Documentos a preparar com antecedência
- Um visto de residência válido cobrindo toda a duração do contrato previsto (não apenas a data de início)
- As certificações técnicas ou HSE reconhecidas no setor petrolífero (BOSIET, OPITO, dependendo do cargo visado)
- Um dossiê linguístico: nível de inglês documentado, pois a língua de trabalho nas plataformas internacionais continua sendo o inglês técnico
- As certificações de formação interna se o candidato já trabalhou no grupo ou em um subcontratado do setor

Profissões técnicas offshore TotalEnergies: as áreas que recrutam ativamente
As disciplinas mais solicitadas nas plataformas continuam sendo aquelas onde a escassez de perfis qualificados é mais acentuada. Encontramos sistematicamente as mesmas famílias de profissões nas ofertas do grupo.
- Perfuração e finalização: engenheiros de perfuração, supervisores de poços, técnicos de finalização. Esses cargos exigem vários anos de experiência em campo e certificações específicas
- Manutenção e inspeção: mecânicos, instrumentistas, inspetores de corrosão. A manutenção preventiva em uma plataforma mobiliza uma parte significativa da força de trabalho em rotação
- Geociências e reservatórios: petrofísicos, geofísicos, engenheiros de reservatório. Esses perfis geralmente trabalham em escritório de projetos, mas realizam missões pontuais no local
- HSE e logística: responsáveis pela segurança, coordenadores de logística offshore, gerentes de contratos. A segurança representa um item orçamentário e humano importante em cada instalação
Os perfis que combinam experiência em manutenção industrial clássica e uma certificação offshore geralmente encontram um primeiro emprego em poucos meses, especialmente através de subcontratados especializados que alimentam as equipes da TotalEnergies.
Subcontratação ou emprego direto: duas vias paralelas
A maioria dos cargos operacionais em uma plataforma petrolífera é ocupada por funcionários de empresas de serviços (Schlumberger, Halliburton, Altea Energy, entre outras). Candidatar-se diretamente à TotalEnergies dá acesso às funções de supervisão e gerenciamento de projetos. Passar por um prestador de serviços permite acumular tempo de rotação e construir um currículo offshore sólido antes de buscar um cargo na operadora.

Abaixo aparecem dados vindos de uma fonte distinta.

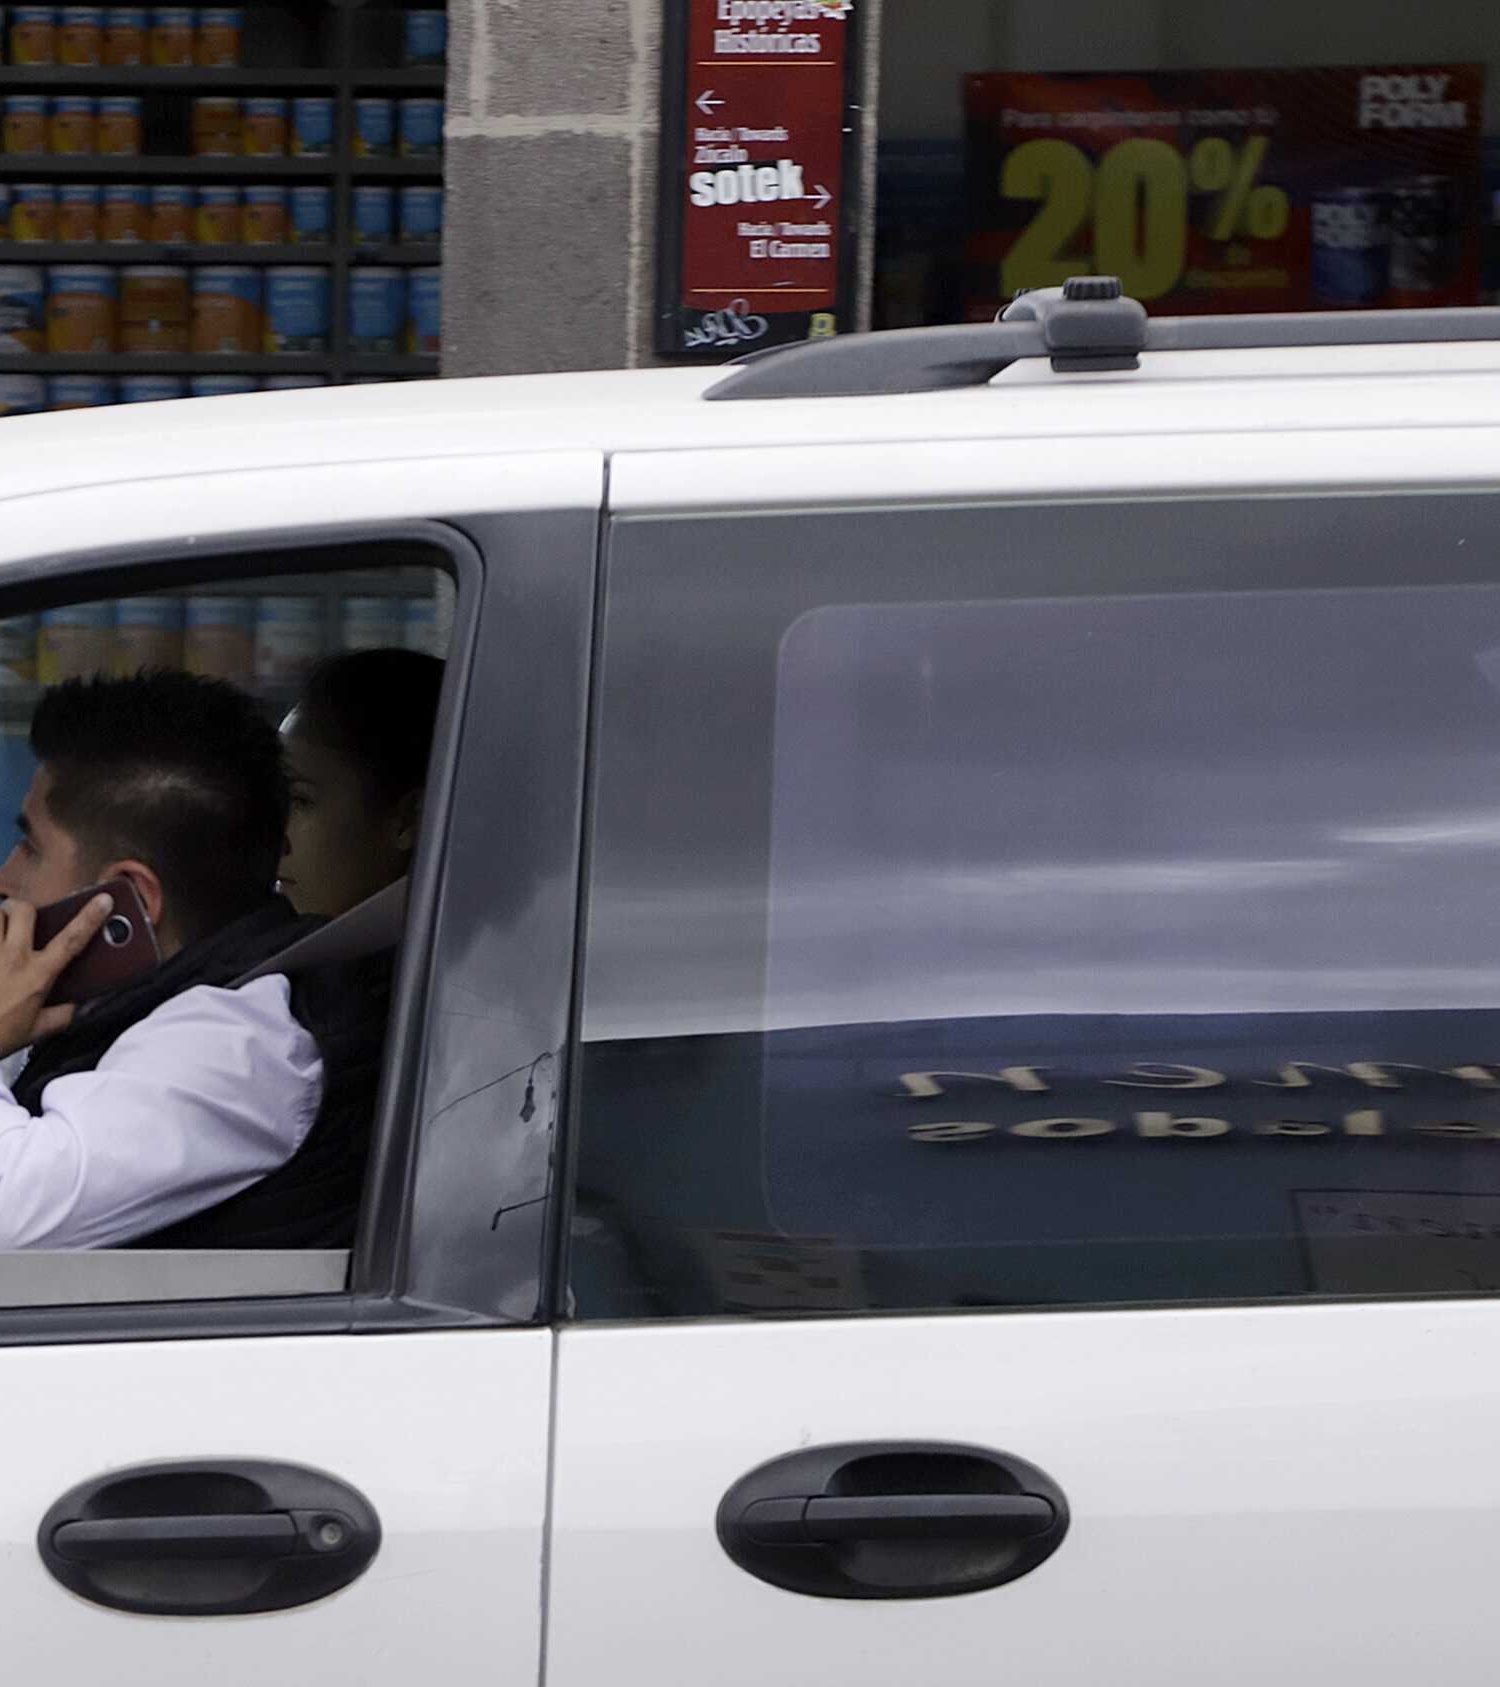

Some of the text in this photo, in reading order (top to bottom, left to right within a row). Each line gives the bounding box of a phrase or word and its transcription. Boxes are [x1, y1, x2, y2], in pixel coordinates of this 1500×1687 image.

[1361, 75, 1450, 100] POLY
[1359, 101, 1466, 128] FORM
[689, 159, 804, 207] sotek
[1001, 136, 1289, 301] 20%
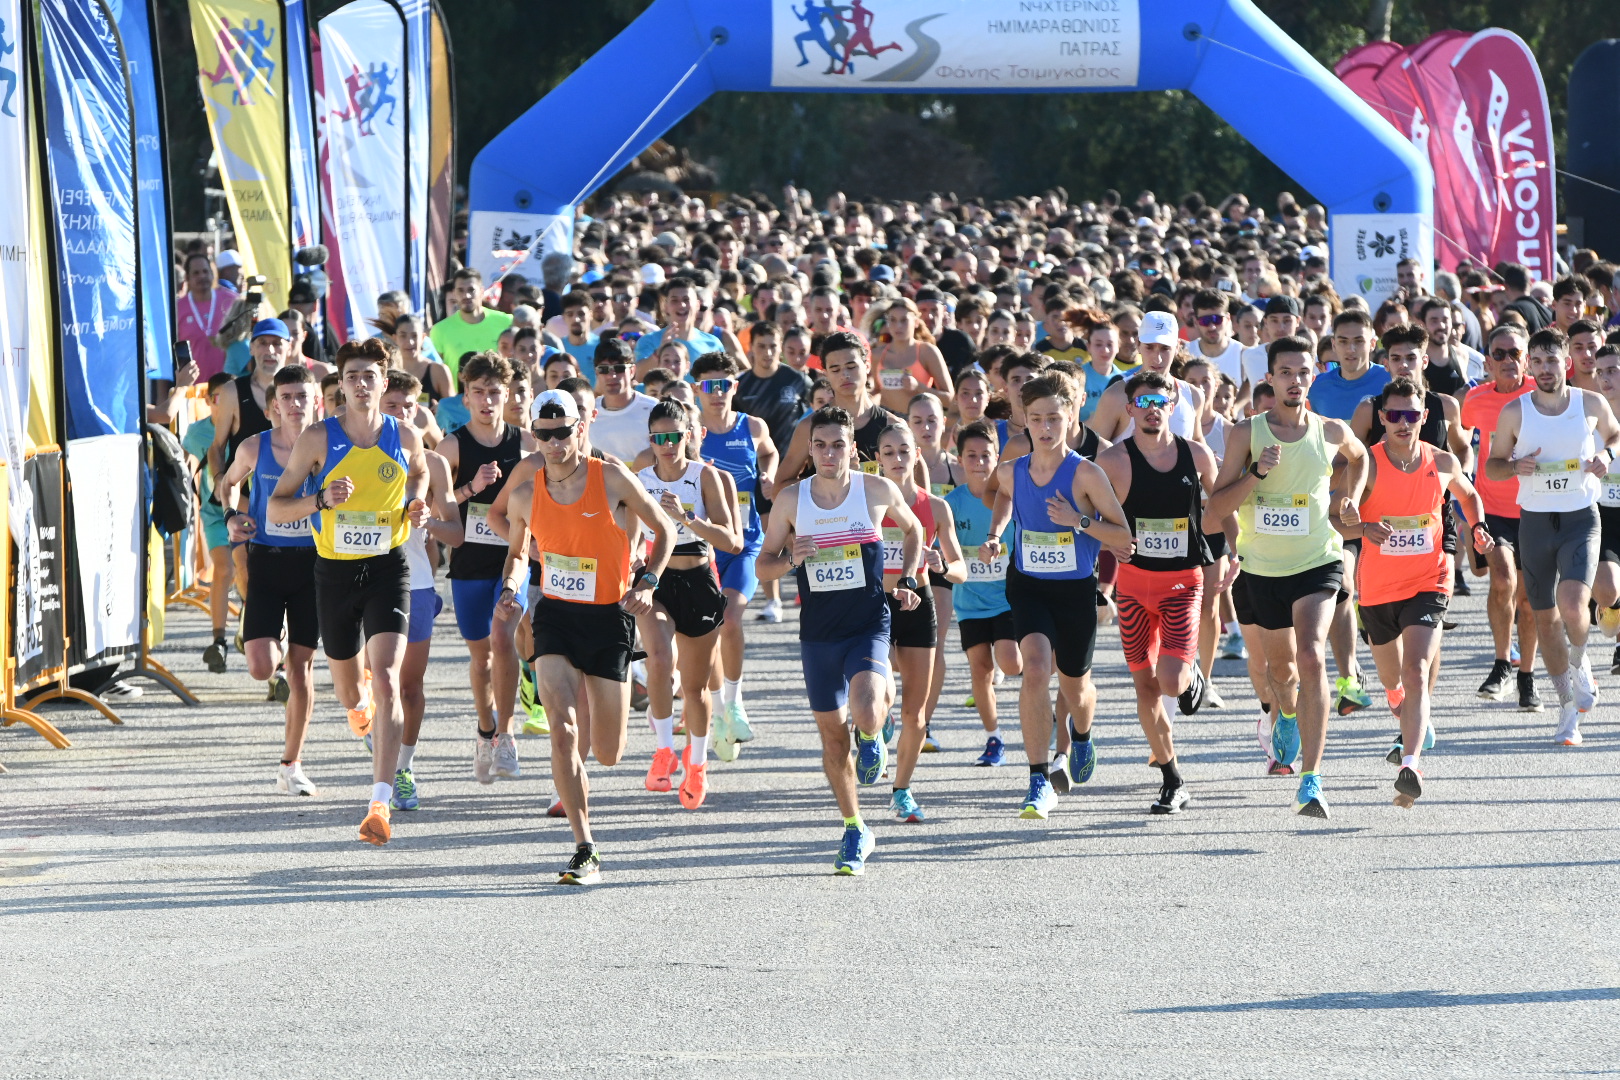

O setor petrolífero offshore continua sendo um mercado de competências raras. Um dossiê bem preparado, com as certificações atualizadas e uma vigilância ativa no portal de emprego da TotalEnergies, continua sendo o método mais direto para conseguir uma alocação. Os perfis que documentam sua adaptabilidade às tecnologias de baixo carbono estão hoje à frente dos candidatos puramente técnicos.